#### Assigned task
Each entry below must be repeated exactly, with pictures left out.

#### Data for review
--------------------------------------------------
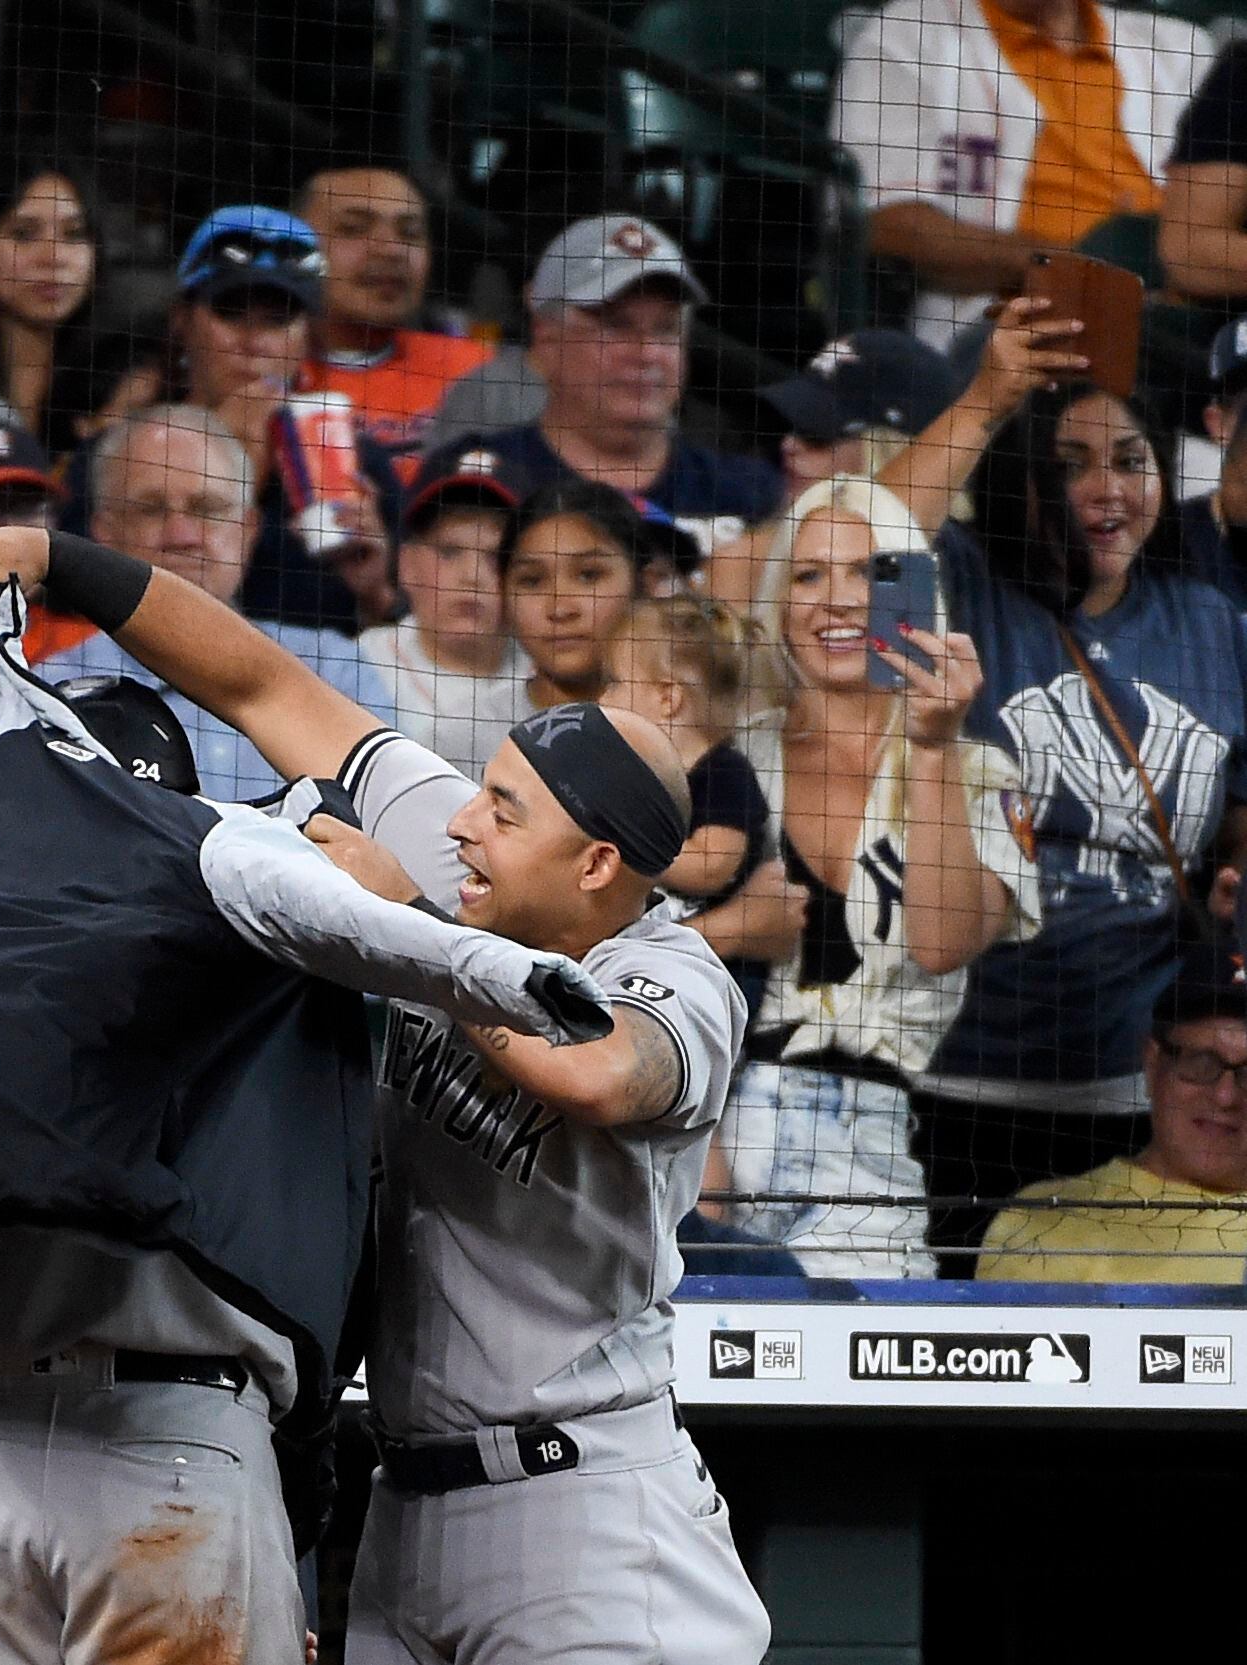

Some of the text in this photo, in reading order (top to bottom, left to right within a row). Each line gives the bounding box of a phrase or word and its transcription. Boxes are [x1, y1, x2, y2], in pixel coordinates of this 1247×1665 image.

[132, 758, 161, 782] 24
[628, 978, 667, 998] 16
[424, 1046, 565, 1189] YORK
[762, 1341, 796, 1355] NEW
[857, 1338, 1021, 1376] MLB.com
[1192, 1346, 1225, 1360] NEW
[762, 1355, 795, 1369] ERA
[1192, 1360, 1225, 1374] ERA
[536, 1440, 563, 1463] 18
--------------------------------------------------
#### Solved exercise
Some of the text in this photo, in reading order (top to bottom, left to right within a row). Each line gives the bounding box of a phrase or word and its transcription. Boxes are [x1, y1, x2, y2], in pixel coordinates of this 1247×1665 image.

[132, 758, 161, 782] 24
[628, 978, 667, 998] 16
[424, 1046, 565, 1189] YORK
[762, 1341, 796, 1355] NEW
[857, 1338, 1021, 1376] MLB.com
[1192, 1346, 1225, 1360] NEW
[762, 1355, 795, 1369] ERA
[1192, 1360, 1225, 1374] ERA
[536, 1440, 563, 1463] 18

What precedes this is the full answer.